158. Provisions in the Bill, notably clauses 9, 10, 11, 16, 17, 19 and 25, and Schedule 1 insert new provisions into the 1989 Act, primarily into Part 3 and Schedule 2. The new provisions reflect the current status of devolution under the Government of Wales Act 2006 and, where appropriate, refer to the "Welsh Ministers" directly, or to the Welsh Ministers as the "appropriate national authority". These references are not textually consistent with existing references in Part 3 of the 1989 Act to the "Secretary of State", which are to be read as references to the Welsh Ministers by virtue of the Government of Wales Act 2006. Therefore, in order to achieve clarity and textual consistency in the Parts of 1989 Act that are amended by this Bill, Clause 39 gives effect to Schedule 2, which amends Parts 3 and 7 of, and Schedule 2 to, the 1989 Act by substituting references to the Welsh Ministers or to the appropriate national authority, for existing references to the Secretary of State. Schedule 2 also inserts a new section 104A into the 1989 Act, which makes provision for regulations and orders made by the Welsh Ministers under Part 3 and certain other parts of that Act.
159. Clause 40 provides that all subordinate legislation made under the Bill is to be made by statutory instrument. Any statutory instruments made by the Secretary of State under clause 1(6) or (7) (social work practices) or clauses 12 (independent reviewing officers) are subject to affirmative resolution procedure (subsection (2)). All other statutory instruments made by the Secretary of State will be subject to the negative resolution procedure (subsection (3)), except for commencement orders made under clause 44 which will not be subject to any parliamentary procedure. (See paragraph 18 for an explanation of the affirmative resolution procedure and the negative resolution procedure.)
160. Subsection (4) of clause 40 mirrors subsection (2), and makes the exercise by the Welsh Ministers of their power to make regulations under clause 1(6) or 1(7) subject to approval by a resolution of the National Assembly for Wales, the equivalent in relation to Wales of the affirmative resolution procedure.
161. Subsection (5)(a) provides for the exercise by Welsh Ministers of their power under clause 13 to create a new body to carry out functions in relation to Independent Reviewing Officers, or to confer those functions on themselves, to be made subject to approval by a resolution of the National Assembly for Wales (affirmative resolution procedure). Subsection (5)(b) provides for additional scrutiny by Parliament of the exercise the power under clause 13, following the passing of the resolution required by subsection (5)(a). The additional Parliamentary scrutiny is considered necessary because the power conferred on the Welsh Ministers by clause 13 extends beyond the current legislative competence of the National Assembly for Wales under the Government of Wales Act 2006.
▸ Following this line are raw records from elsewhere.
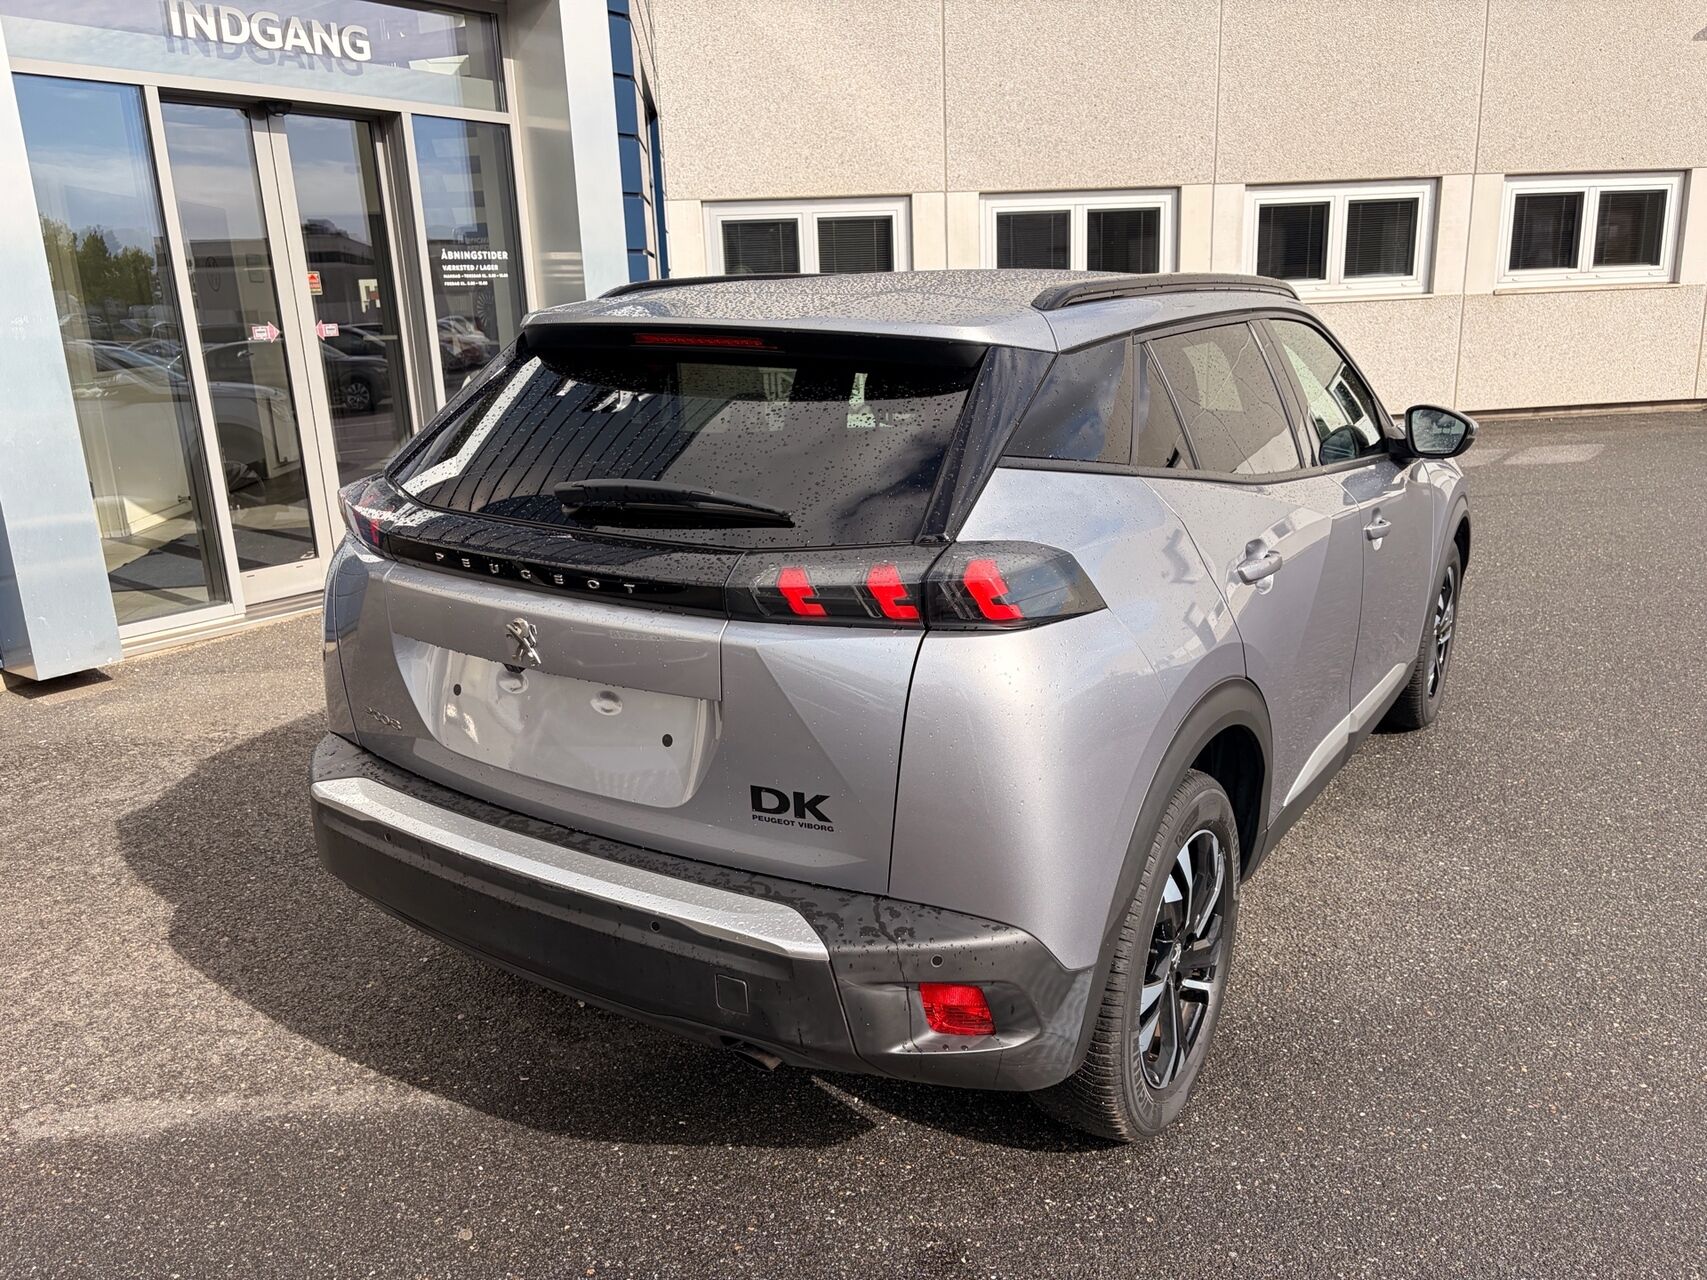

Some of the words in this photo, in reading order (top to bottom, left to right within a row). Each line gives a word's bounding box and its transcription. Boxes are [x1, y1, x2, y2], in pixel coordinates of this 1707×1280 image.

[169, 0, 372, 61] INDGANG
[441, 248, 508, 260] ÅBNINGSTIDER
[434, 551, 636, 594] PEUGEOT
[750, 785, 833, 823] DK
[752, 814, 796, 827] PEUGEOT
[798, 821, 835, 832] VIBORG
162. Subsections (6) and (7) make provision for the procedure to be followed by the First Minister (appointed under section 46 of the Government of Wales Act 2006) and by the Secretary of State, following the passing of the resolution required by subsection (5)(a).
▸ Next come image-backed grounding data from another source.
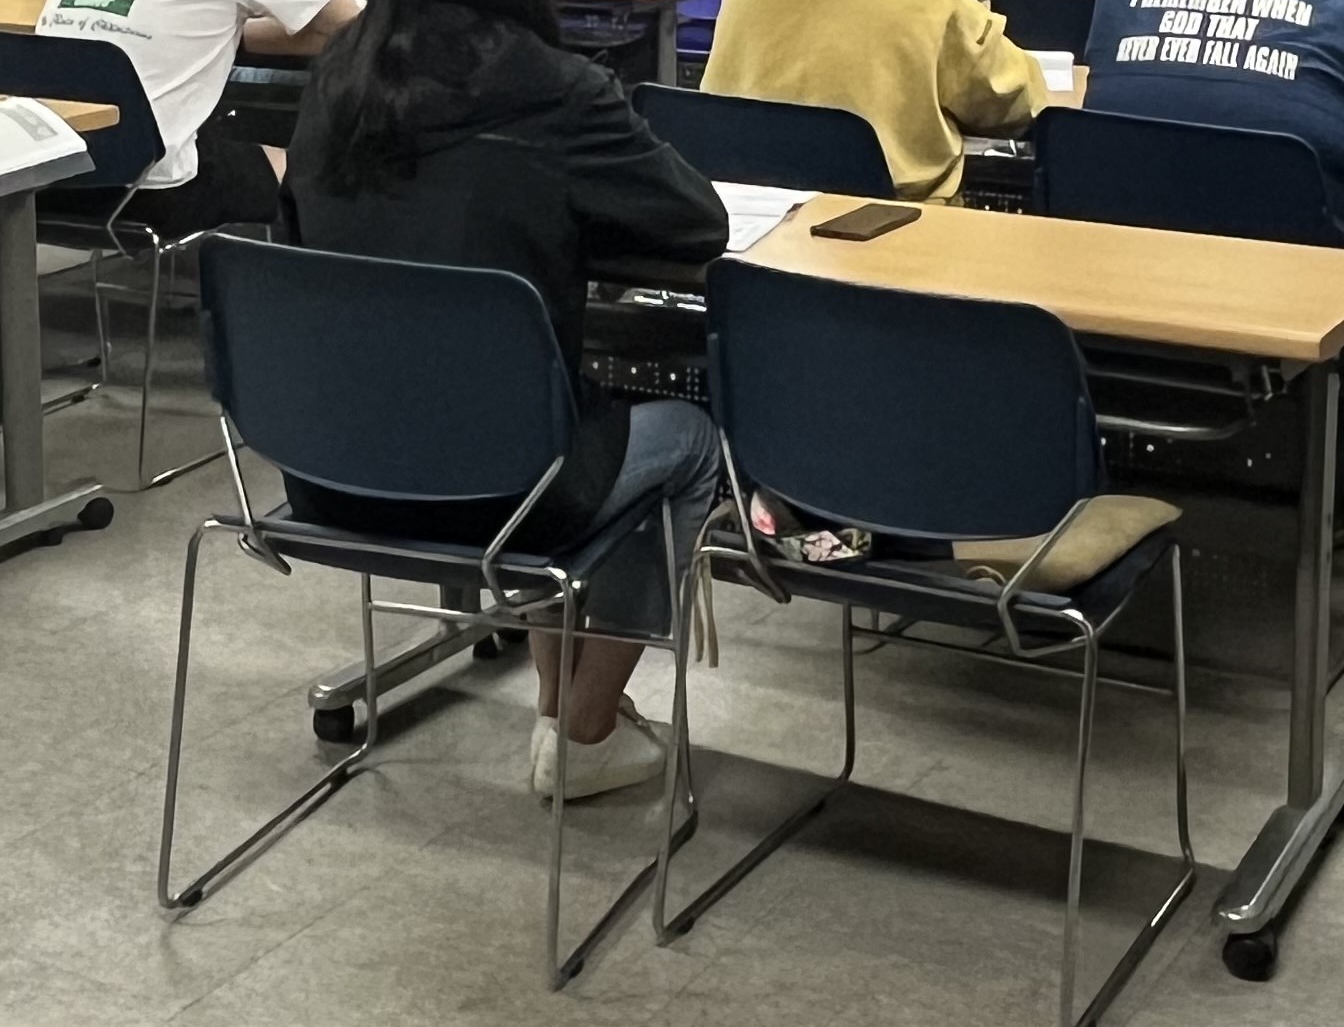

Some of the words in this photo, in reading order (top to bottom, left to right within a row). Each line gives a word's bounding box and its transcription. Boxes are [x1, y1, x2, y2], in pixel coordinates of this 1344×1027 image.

[1158, 10, 1204, 36] GOD
[1206, 14, 1260, 41] THAT
[1161, 37, 1201, 63] EVER
[1202, 39, 1240, 68] FALL
[1243, 45, 1298, 80] AGAIN
163. Subsection (8) removes the requirement in subsection (5)(b) for additional Parliamentary scrutiny following the passing of the resolution required by subsection (5)(a), in the event that an order is made under section 105 of the Government of Wales Act 2006 bringing the Assembly Act provisions into force. The effect of making such an order would be to substantially extend the legislative competence of the National Assembly for Wales, bringing the power conferred on the Welsh Ministers by clause 13 within the Assembly's legislative competence, with the result that the requirement for additional Parliamentary scrutiny of the exercise of the power in subsection (5)(b) would become inconsistent with the new stage of devolution, and therefore no longer be necessary.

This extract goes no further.